She led him out of the hall and outside, into one of the quiet courtyards littered across the palace. This one was mercifully quiet, with only a light breeze and faint birdsong accompanying the pair. The sun was low in the sky, painting a pale sunset behind the palace’s white marble.

‘You seem troubled, Highness,’ the girl said, skimming a hand over Altan’s shoulders. ‘I am surprised a prince would have woes on the eve of his wedding.’

The orange light lit up her skin and made her blue eyes appear to glow. Altan smiled and caught her hand.

‘No woes,’ he said. ‘Merely concerns. Political marriages are not all bliss.’

‘Your bride seems less happy than you,’ the girl said, raising her eyebrows.
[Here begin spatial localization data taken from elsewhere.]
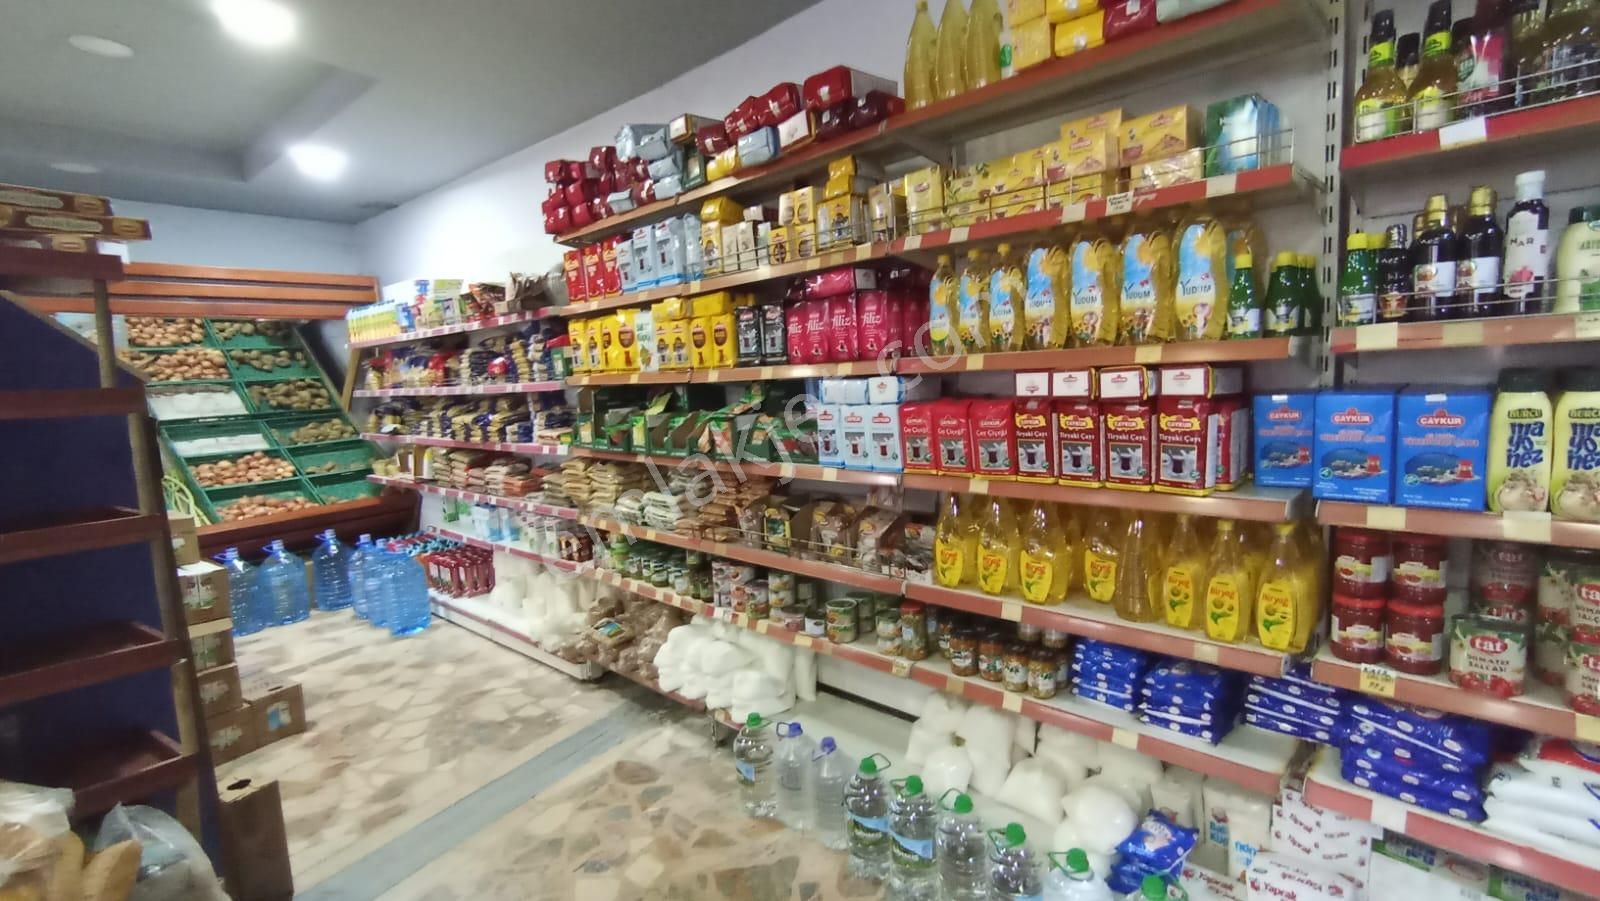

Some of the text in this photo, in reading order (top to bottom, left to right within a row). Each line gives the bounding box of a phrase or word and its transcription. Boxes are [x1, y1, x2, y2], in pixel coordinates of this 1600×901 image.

[805, 318, 824, 334] filiz
[832, 314, 852, 329] filiz
[862, 311, 881, 327] filiz
[1506, 449, 1543, 469] nez
[1581, 586, 1600, 602] ta
[1474, 638, 1502, 653] tat
[1264, 881, 1297, 900] Yaprak
She pulled Altan over to a seat bordering a little stone-bounded patch of greenery, a fine maple reaching over bright flowers and shrubs. Altan obliged her and sat, ignoring the cold stone for the girl’s warm skin.
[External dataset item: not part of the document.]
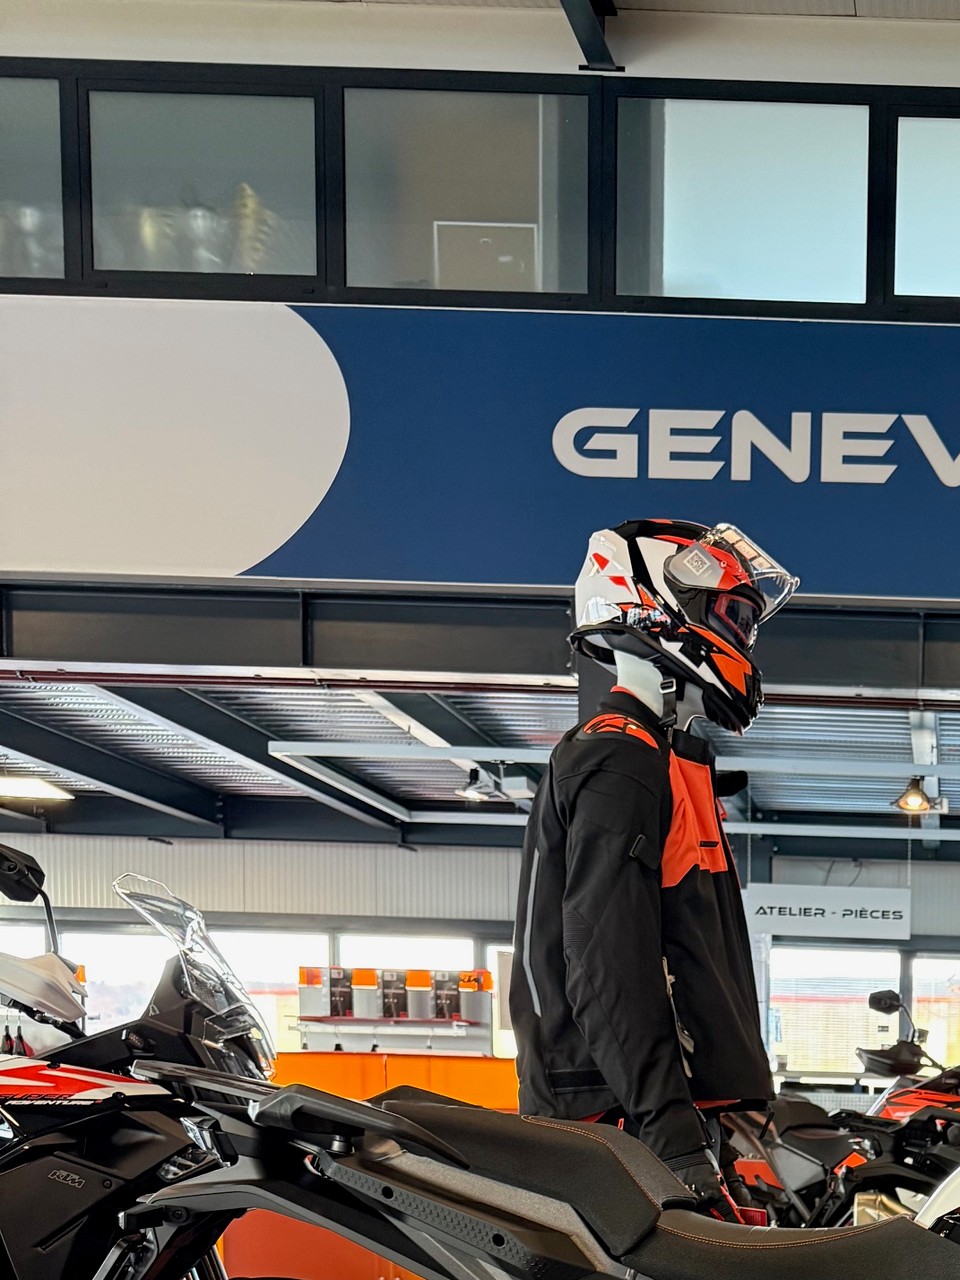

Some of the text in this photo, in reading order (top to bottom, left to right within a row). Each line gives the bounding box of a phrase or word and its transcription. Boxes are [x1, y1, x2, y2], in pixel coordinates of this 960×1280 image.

[755, 906, 826, 918] ATELIER
[842, 907, 904, 921] PIÈCES
[48, 1169, 86, 1188] KTM
‘I am sorry for her,’ the girl continued, twining a finger around a lock of Altan’s blue-black hair. ‘She seems so lonely. How long has she been here? Enough to make friends?’

‘Twelve years,’ Altan said. ‘She arrived here when we were six. She made friends, but…’ Altan waved a hand in the air. ‘Palace staff, pot-scrubbers and guards’ daughters.’

He could envision them so clearly – the woman who taught the pair to ride, lovingly easing Sascha into the saddle while unceremoniously dumping Altan onto the back of his lioness. The sword master who left him covered in bruises, while Sascha’s fair skin remained unblemished. A young cook who’d sneak up to their chambers to share leftovers with Sascha, the two of them giggling when Altan grimaced at the homely food.

All people who could not be invited to the wedding festivities. Altan didn’t know if he should have felt guilty or smug when he saw Sascha alone.

‘Did you never try to befriend her?’ the girl asked.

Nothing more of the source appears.